I recall that the PS1 Lunar games came with "making of" CDs. Though knowing what Working Designs did (and continues to do as Gaijinworks), it's liable to be less interviews with the devs and more of choices for English voicing and rewritten dialogue after trashing parts of the original script. That said, I haven't actually watched those, namely since I haven't played the games themselves yet and I'm not sure I want to, given WD's predilections.

Pretty much all of the source games from 2007 or some have commentary. HL2 has commentary. I think HL1 has commentary added now as well but I'd have to go back and check. L4D1 & 2 also had commentary nodes in them along with Portal and TF2.

G4's Icons was one of my favorite shows back when it was on before G4 became a 24 hour COPS channel.

I honestly wish more games had these. They're super easy to make and take very little time to record really. It helps give insight to the design process, as well as explanations for choices that were made, 9verall giving you a better idea of where the devs were coming from.

I wanna say one of the halo games haf something like this as well, but I'm almost positive I halucinated it.

Amnesia had some.

Oh, also, while not part of the game discs themselves, I know Playstation Underground did interviews with developers for various games. This one on composing music for Spyro was of notable interest to me.

It would be interesting to hear the insights of the people on lower level of the development. What I have seen, these are often about overall level design, which is interesting, but so might be, for example, the considerations of the designer of small object textures and how it tied to other development.

I'm fond of the designers' commentaries in-game, especially in HF2 as you pointed out. Ratchet & Clank series always have a Museum planet where you can go around and explore, learning about cut content and playing a few mini-games in the museums, for example in 'A Crack in Time', it had a minigame where you make a weapon/armour setup for two bulk aliens taking on robot foes in the office.

Duly noted for my own game

Also

Neither HL1 nor HL2 has commentaries. The Source games that have developer commentaries are HL2:E1, HL2:E2, Portal, TF2, L4D, L4D2 and Portal 2.

The commentary from L4D and half life are particularly good. Getting to hear lord Gaben's voice is icing on the cake.

One of my favorite bits is how they explain that for L4D they used light to help guide players through the level. Basically they used the light as a tool to subconsciously influence people to go a certain way in a stage. They also used this trick in half life 2 as well to some extent I believe.

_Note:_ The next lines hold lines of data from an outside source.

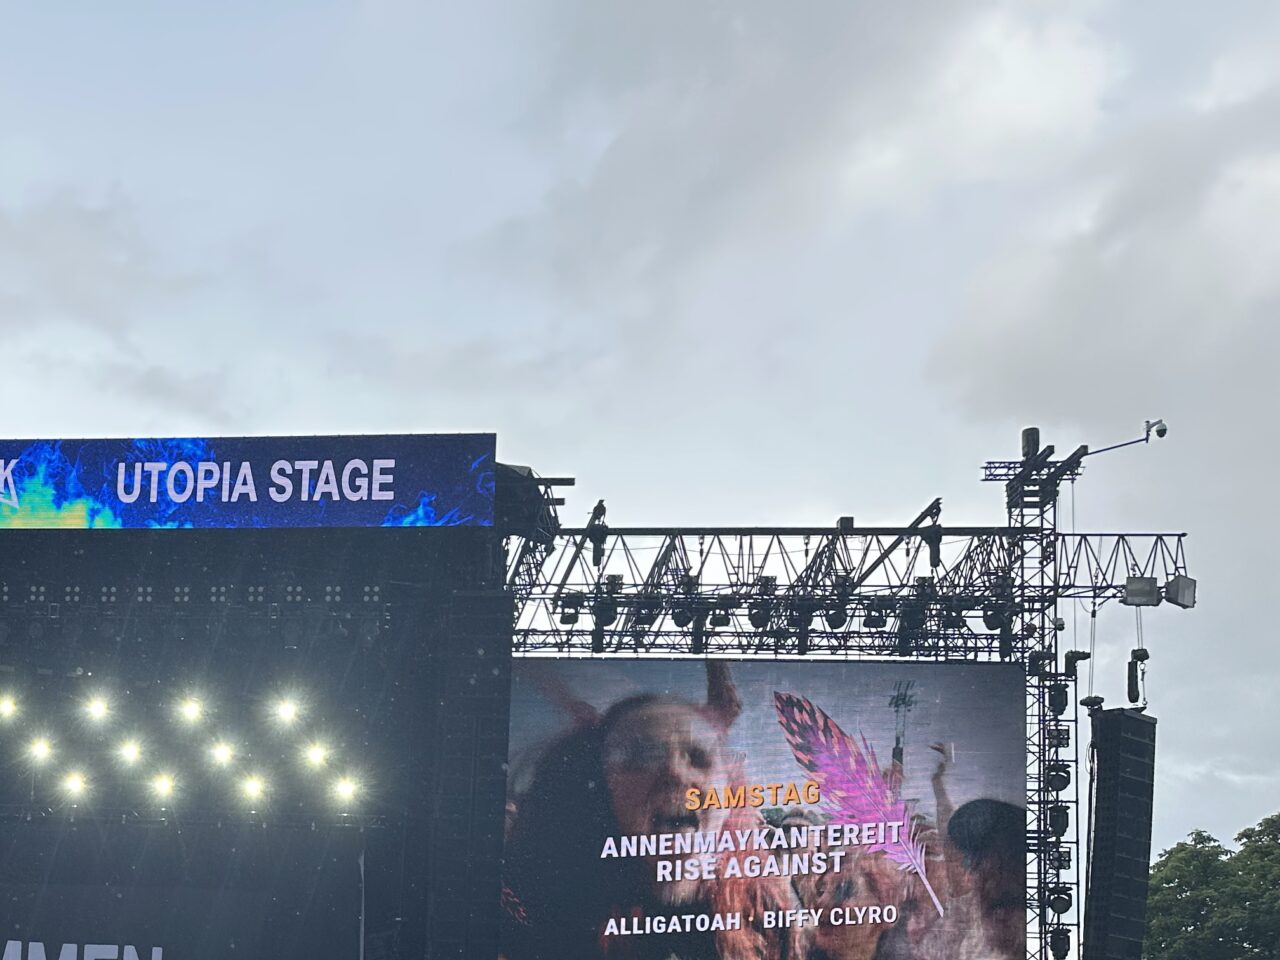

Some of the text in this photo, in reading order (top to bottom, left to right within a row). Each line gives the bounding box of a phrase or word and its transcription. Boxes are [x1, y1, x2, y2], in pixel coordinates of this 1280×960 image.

[117, 459, 396, 503] UTOPIA STAGE
[685, 780, 820, 811] SAMSTAG
[600, 821, 904, 858] ANNENMAYKANTEREIT
[656, 851, 846, 882] RISE AGAINST
[604, 905, 898, 936] ALLIGATOAH BIFFY CLYRO

I also like how they go over the focus testers and how they have to rework a stage over and over until it makes sense for the testers.

I remember that.

If you're going to do the "commentary mode" I would take notes from the source engine commentaries. Definitely comment on all your design choices and the reasons you did a particular thing design wise but I wouldn't turn the game into a documentary of itself unless you want to make a documentary about your game. Which is fine if that's what you're doing.

You may want to nullify the difficulty for the "commentary" run so the player can take their time and soak up the information you're trying to impart without having to worry about dying.

:ok_hand:

DooSex has a commentary that is triggered during gameplay and cutscenes(if you enable it in the extras).
I think some EA games like Harry Potter 6 and LotR Return of the King had extras with the cast talking about the game, though I think it was about the voice actors saying how much fun they had with it.

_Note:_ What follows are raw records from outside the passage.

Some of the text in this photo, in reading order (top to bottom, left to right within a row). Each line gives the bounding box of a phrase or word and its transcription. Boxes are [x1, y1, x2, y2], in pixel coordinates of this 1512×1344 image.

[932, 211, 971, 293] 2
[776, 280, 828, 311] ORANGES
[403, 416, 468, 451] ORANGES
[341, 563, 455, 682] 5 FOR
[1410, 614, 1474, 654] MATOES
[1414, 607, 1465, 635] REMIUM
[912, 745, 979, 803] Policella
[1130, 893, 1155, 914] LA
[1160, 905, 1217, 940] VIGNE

This is the coolest thing ever, now you have sent me on a downwards spiral of behind the scenes videos for PSX games.

I forgot about DE:HE. I enjoyed the commentary in that game but I'm afraid I might have missed a few spots given how you have to trigger the commentary nodes.

Life is strange has commentary, but I haven't listened to it.

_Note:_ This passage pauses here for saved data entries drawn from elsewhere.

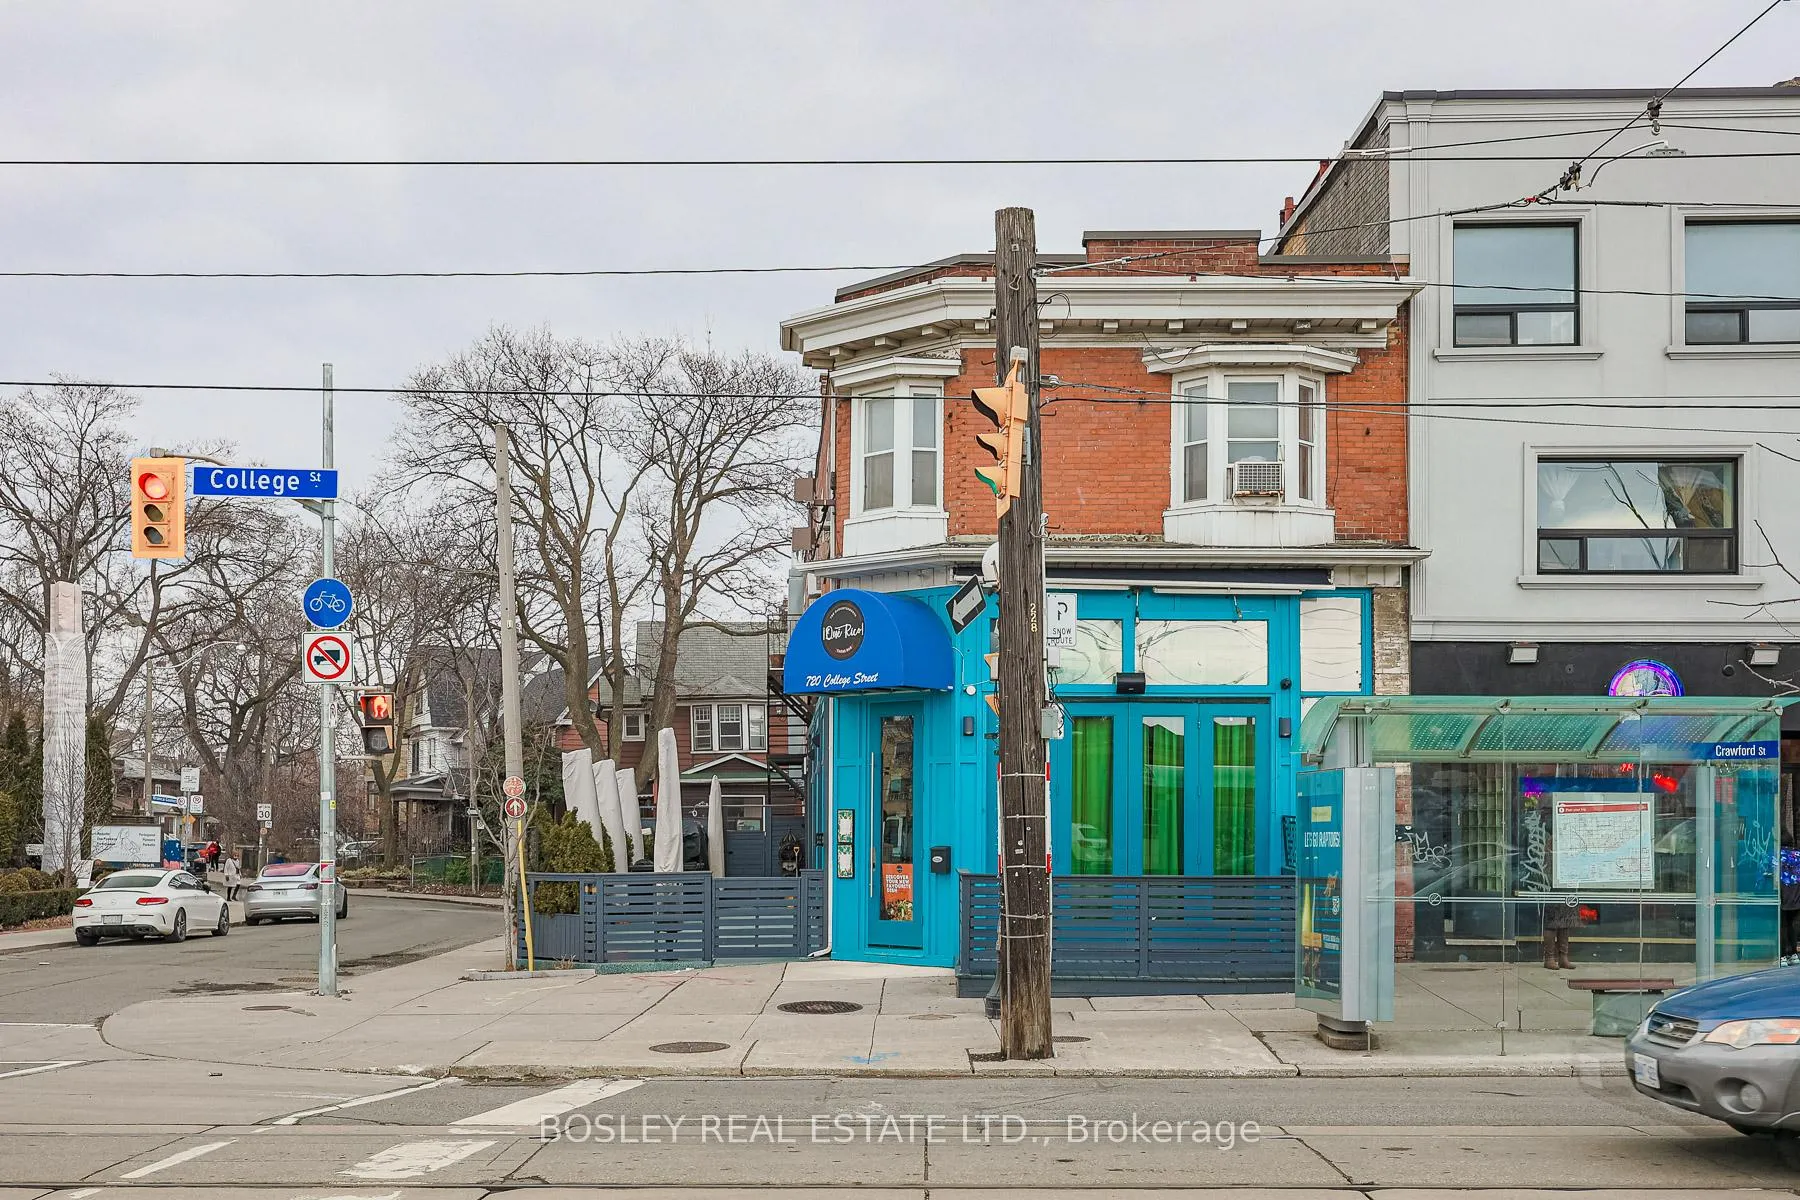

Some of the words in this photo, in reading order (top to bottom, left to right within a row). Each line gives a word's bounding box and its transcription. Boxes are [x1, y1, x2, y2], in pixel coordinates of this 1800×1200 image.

[210, 469, 300, 495] College
[309, 471, 321, 482] St
[1030, 602, 1038, 632] 228
[1053, 627, 1071, 635] SNOW
[1051, 636, 1072, 645] ROUTE
[806, 675, 821, 687] 720
[823, 673, 851, 688] College
[853, 672, 879, 685] Street
[1715, 744, 1756, 757] Crawford
[1758, 746, 1766, 756] St
[259, 811, 270, 819] 30

Primordia has a lot of optional dev commentary.

What I like was that even though he was approaching the composition from a standoint outside of being involved with vidya prior, but still opted to sit down and actually play the games levels before composing for them. Rather than simply create tracks and hope one of them might fit a level better, he immersed himself in what sort of atmosphere the level gave him, and then composed with that in mind. I'm not sure if that's standard procedure or not, but if it's not, it ought to be. Strikes me that you'll never quite get as good of results as you could by just telling someone "we need five desert level themes and a boss theme by Thursday so we can develop the next set of levels" and handing them some concept art or screenshots for inspiration, compared to them actually sitting down and playing the otherwise finished (aside from the music) levels/game themselves.

Are those real, and if so, what game?

They're inspired by games I've played. If you want to hear stuff like this check out HL2 episode 2 and 3, L4D, Portal, TF2, and DE:HR.

I'm sure there are more games that include behind the scenes stuff but those are the one's I'm most familiar with.

The Ratchet and Clank games have these as Easter Eggs.
They're really interesting. I love seeing these types of things in games.

Dear Esther has one, the devs are full of themselves ("we created a new genre, people use the derogatory term "walking simulator" but we're proud of that" and all that shit). Boring game by boring people.

Rogue Squadron 3 (maybe the rest of the series) had one.

I miss when games also had scrapbooks and concept art hidden away as collectables if you aced the game.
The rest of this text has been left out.